Extracted data entries
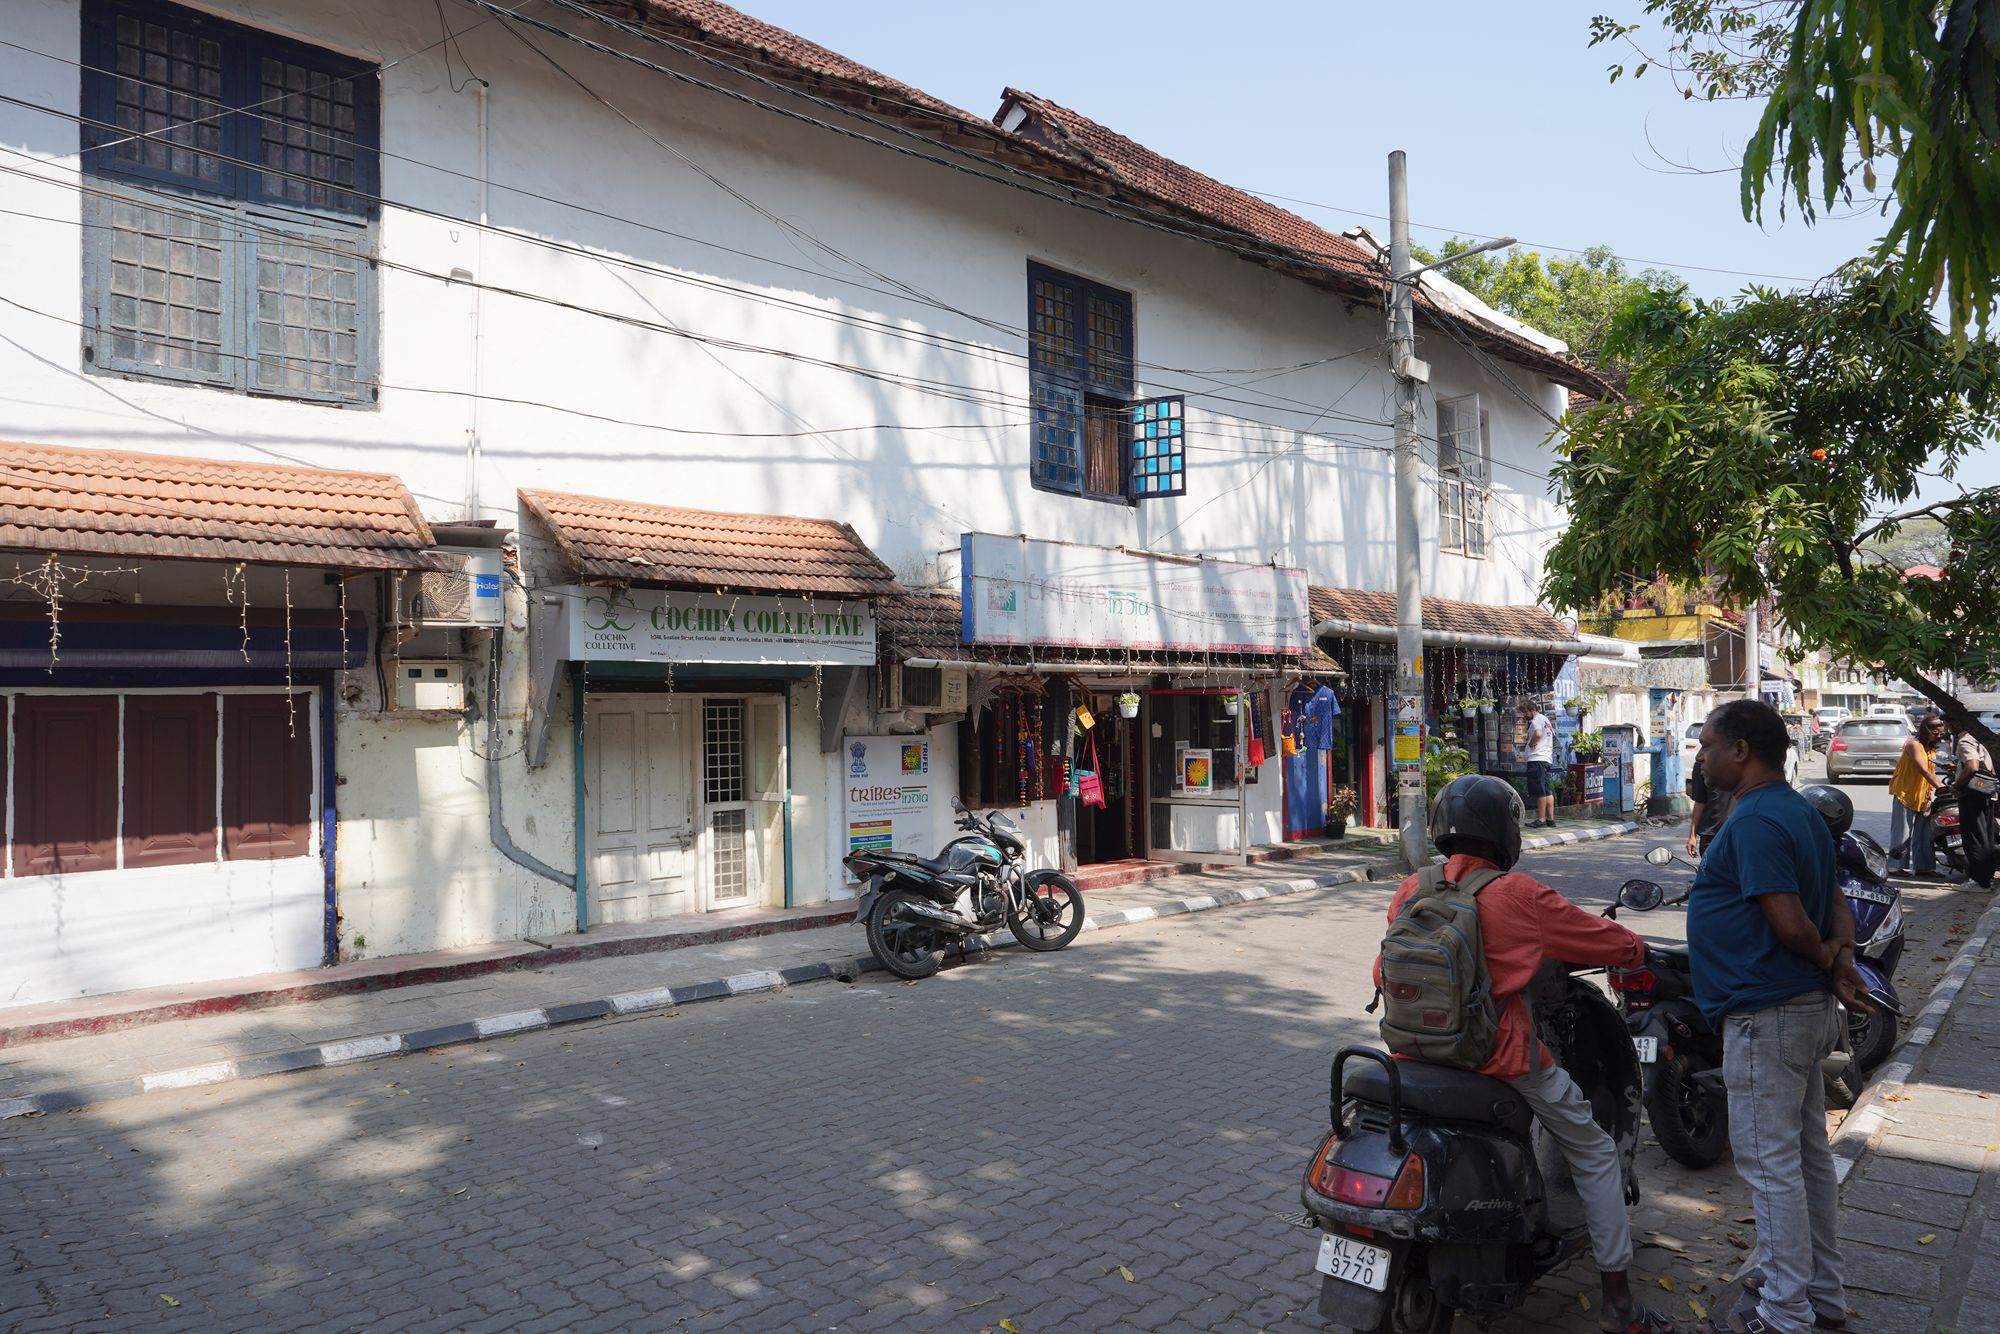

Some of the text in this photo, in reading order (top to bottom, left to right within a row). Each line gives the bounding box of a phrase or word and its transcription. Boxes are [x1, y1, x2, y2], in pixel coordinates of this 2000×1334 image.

[650, 605, 864, 636] COCHIN COLLECTIVE
[594, 633, 627, 641] COCHIN
[585, 641, 636, 650] COLLECTIVE
[1637, 1038, 1649, 1049] 43
[1464, 1199, 1513, 1211] Activa
[1333, 1238, 1376, 1265] KL 43
[1331, 1257, 1374, 1285] 9770

### Instructions for the task:
Output every record verbatim, skipping images.

### Answer box:
Some of the text in this photo, in reading order (top to bottom, left to right within a row). Each line gives the bounding box of a phrase or word and its transcription. Boxes are [x1, y1, x2, y2], in pixel coordinates of this 2000×1334 image.

[650, 605, 864, 636] COCHIN COLLECTIVE
[594, 633, 627, 641] COCHIN
[585, 641, 636, 650] COLLECTIVE
[1637, 1038, 1649, 1049] 43
[1464, 1199, 1513, 1211] Activa
[1333, 1238, 1376, 1265] KL 43
[1331, 1257, 1374, 1285] 9770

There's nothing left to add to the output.